Finally, we discuss the relevance of these findings to the possible effects of 
music on the nervous system [24]. Studies of heart rate dynamics using the 
DFA method have shown that healthy individuals have values relatively close 
to (a) = 1, corresponding to 1/ f correlations, while subjects with heart disease 
have higher values (typically (a) > 1.2) that indicate a significant shift towards 
less complex behavior in heart rate fluctuations, since a = 1.5 corresponds 
to trivially correlated Brown noise (e.g., see [11,22,23]). Hence, listening to 
certain kinds of music may conceivably bestow benefits to the health of the 
listener [24,25,26]. The hypothesis that music with (a) ~ 1 confers health 
benefits still requires systematic testing. For example, the so-called "Mozart 
effect" refers to the conjecture that listening to certain types of music may 
correlate with higher test scores and more generally to intelligence [24]. If 
ever such findings become substantiated, then a new approach to the study of 
music (and perhaps other forms of art) might become a necessity. We note, 
however, that the Mozart effect has not been legitimately established as a real 
phenomenon. Nevertheless, the results reported here — and more importantly, 
the approach used in obtaining the results — point towards the possibility of 
objectively analyzing subjectively experienced forms of art. Such an approach 
may find relevance in the academic study of music, and of art in general. 

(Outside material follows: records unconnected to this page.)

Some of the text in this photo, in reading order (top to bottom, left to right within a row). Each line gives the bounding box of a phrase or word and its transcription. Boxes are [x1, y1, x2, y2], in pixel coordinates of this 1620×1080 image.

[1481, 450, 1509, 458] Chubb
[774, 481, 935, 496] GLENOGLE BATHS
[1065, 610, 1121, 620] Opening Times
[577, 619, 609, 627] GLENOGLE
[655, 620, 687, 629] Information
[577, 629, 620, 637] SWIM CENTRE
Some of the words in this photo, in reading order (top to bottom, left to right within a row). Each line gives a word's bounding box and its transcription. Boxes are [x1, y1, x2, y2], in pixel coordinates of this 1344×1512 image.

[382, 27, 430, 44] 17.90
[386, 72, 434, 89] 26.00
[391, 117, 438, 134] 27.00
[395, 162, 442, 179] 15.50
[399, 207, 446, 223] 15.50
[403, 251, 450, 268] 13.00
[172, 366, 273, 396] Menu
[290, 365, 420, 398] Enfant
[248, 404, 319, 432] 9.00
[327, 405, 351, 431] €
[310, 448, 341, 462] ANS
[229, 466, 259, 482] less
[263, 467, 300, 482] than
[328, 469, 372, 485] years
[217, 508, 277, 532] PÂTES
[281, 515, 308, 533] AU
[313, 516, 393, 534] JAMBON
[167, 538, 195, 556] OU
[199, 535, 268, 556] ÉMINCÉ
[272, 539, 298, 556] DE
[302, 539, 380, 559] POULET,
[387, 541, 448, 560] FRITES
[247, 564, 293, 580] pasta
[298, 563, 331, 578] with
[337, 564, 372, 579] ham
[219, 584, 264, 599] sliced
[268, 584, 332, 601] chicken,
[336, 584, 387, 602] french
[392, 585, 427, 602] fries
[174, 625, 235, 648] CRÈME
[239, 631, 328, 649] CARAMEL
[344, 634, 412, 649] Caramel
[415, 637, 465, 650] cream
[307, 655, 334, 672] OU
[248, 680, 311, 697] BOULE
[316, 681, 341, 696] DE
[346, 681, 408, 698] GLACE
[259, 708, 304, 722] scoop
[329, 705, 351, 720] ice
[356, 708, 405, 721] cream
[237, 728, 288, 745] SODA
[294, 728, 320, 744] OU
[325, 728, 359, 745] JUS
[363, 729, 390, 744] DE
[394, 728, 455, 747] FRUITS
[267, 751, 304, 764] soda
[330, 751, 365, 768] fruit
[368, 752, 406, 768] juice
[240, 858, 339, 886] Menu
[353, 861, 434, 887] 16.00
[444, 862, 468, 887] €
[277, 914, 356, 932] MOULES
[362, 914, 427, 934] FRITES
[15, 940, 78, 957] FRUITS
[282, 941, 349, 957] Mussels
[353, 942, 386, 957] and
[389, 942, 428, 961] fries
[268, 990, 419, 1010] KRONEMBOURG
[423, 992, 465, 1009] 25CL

In summary, we have developed a method to study loudness fluctuations in 
audio signals taken from music. Results obtained using this method show 
consistent differences between different genres of music. Specifically, dance 
music and high art music appear at the lower and upper endpoints respectively 
in the range of observed values of (a), with Rock and Roll, Jazz, and other 
genres appearing in the middle of the range.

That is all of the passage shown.